李晓露,吴钉捷,陆一鸣.基于生成对抗网络和联邦学习的非侵入式负荷分解方法[J].电测与仪表,2022,59(6):37-45. Li Xiaolu,Wu Dingjie,Lu Yiming.Non-intrusive load disaggregation based on GAN and federated learning[J].Electrical Measurement & Instrumentation,2022,59(6):37-45.
基于生成对抗网络和联邦学习的非侵入式负荷分解方法
Non-intrusive load disaggregation based on GAN and federated learning
Non-intrusive load disaggregation is an important means of sensing the power demand. Traditional methods have low accuracy of appliance identification and power disaggregation. Load disaggregation model based on GAN is proposed.

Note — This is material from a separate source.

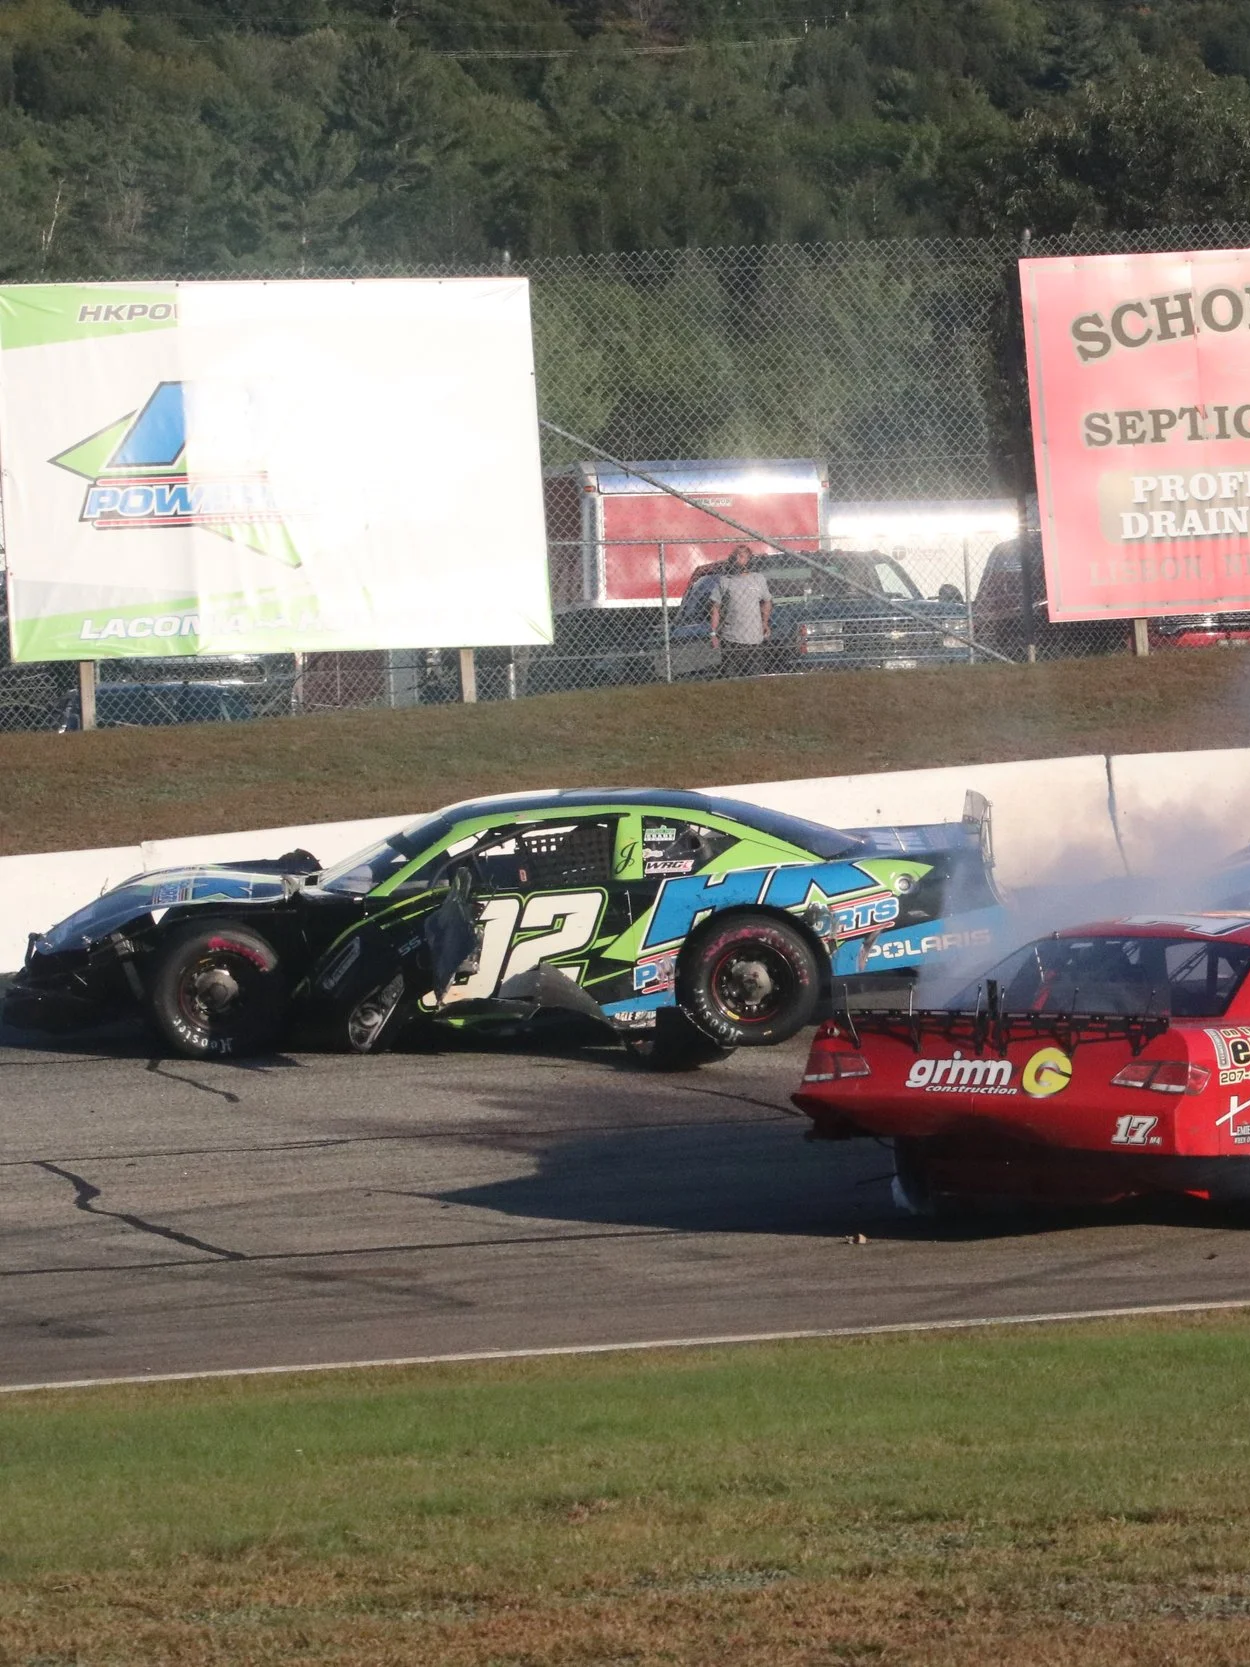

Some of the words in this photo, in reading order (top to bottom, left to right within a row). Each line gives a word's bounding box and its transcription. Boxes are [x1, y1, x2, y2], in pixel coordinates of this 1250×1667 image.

The generative network deconstructs the total power signal by constructing a convolutional self-encoder to generate the power sequence of the appliance, and the discrimination network is used to identify the authenticity of the generated sequence. The two oppose each other to get a more realistic sequence. In view of the shortcomings of centralized model training methods, this paper uses deep separable convolution instead of traditional convolution, so that it can be applied to edge devices, and proposes a network model implementation solution based on federated learning. Training the model in a cloud-side collaborative manner reduces communication transmission pressure and protects user privacy and data security. The method is verified based on public data sets.